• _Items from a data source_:
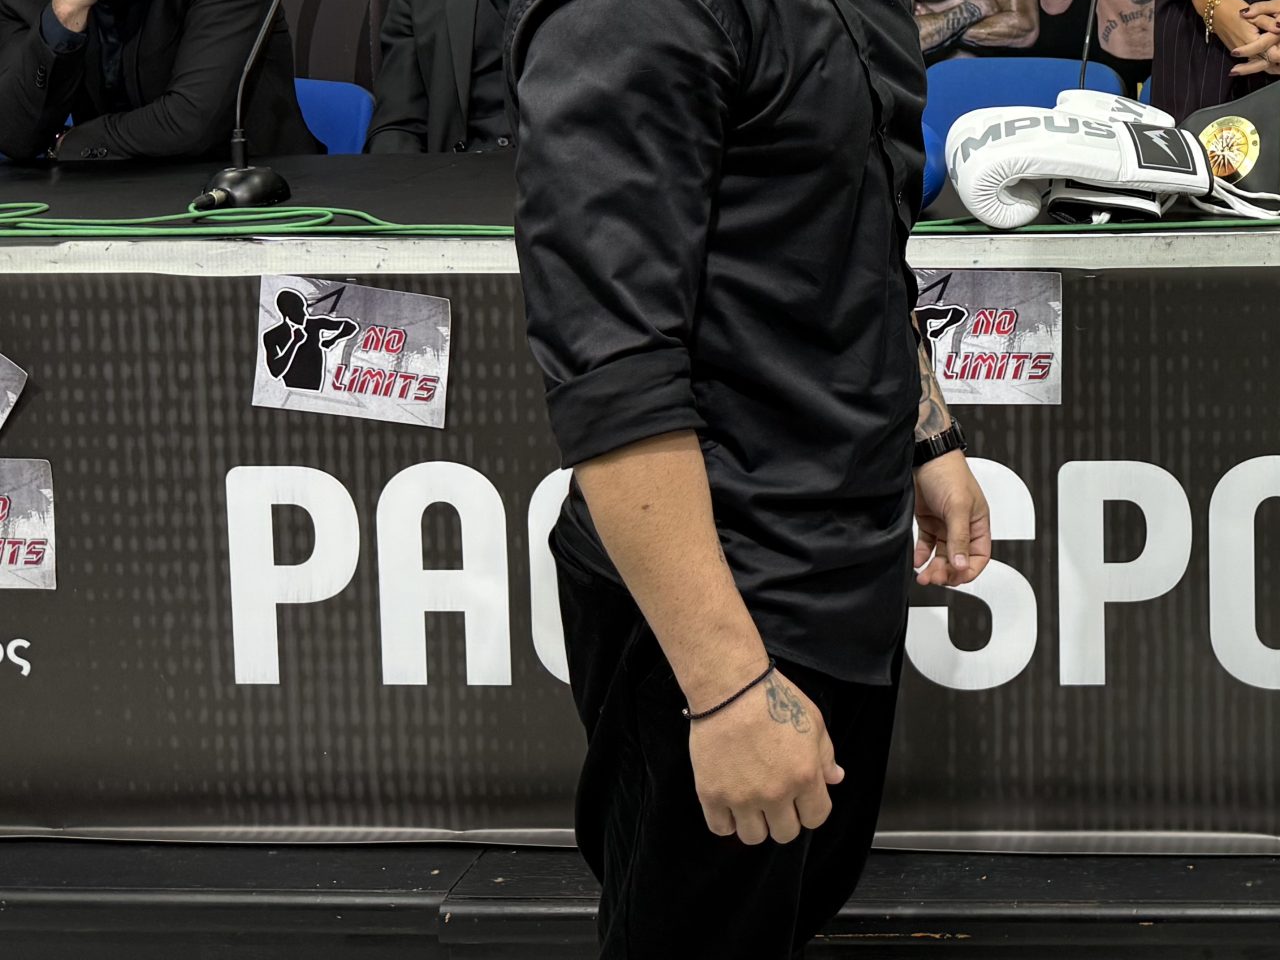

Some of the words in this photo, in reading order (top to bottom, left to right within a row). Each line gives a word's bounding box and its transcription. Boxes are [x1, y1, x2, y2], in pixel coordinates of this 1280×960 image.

[970, 307, 1019, 337] NO
[360, 324, 408, 355] NO
[942, 349, 1055, 381] LIMITS
[331, 363, 441, 403] LIMITS

• _YOUR ASSIGNMENT_: Write every entry again exactly as given, skipping the pictures.

• _WRITTEN ANSWER_:
Some of the words in this photo, in reading order (top to bottom, left to right within a row). Each line gives a word's bounding box and its transcription. Boxes are [x1, y1, x2, y2], in pixel coordinates of this 1280×960 image.

[970, 307, 1019, 337] NO
[360, 324, 408, 355] NO
[942, 349, 1055, 381] LIMITS
[331, 363, 441, 403] LIMITS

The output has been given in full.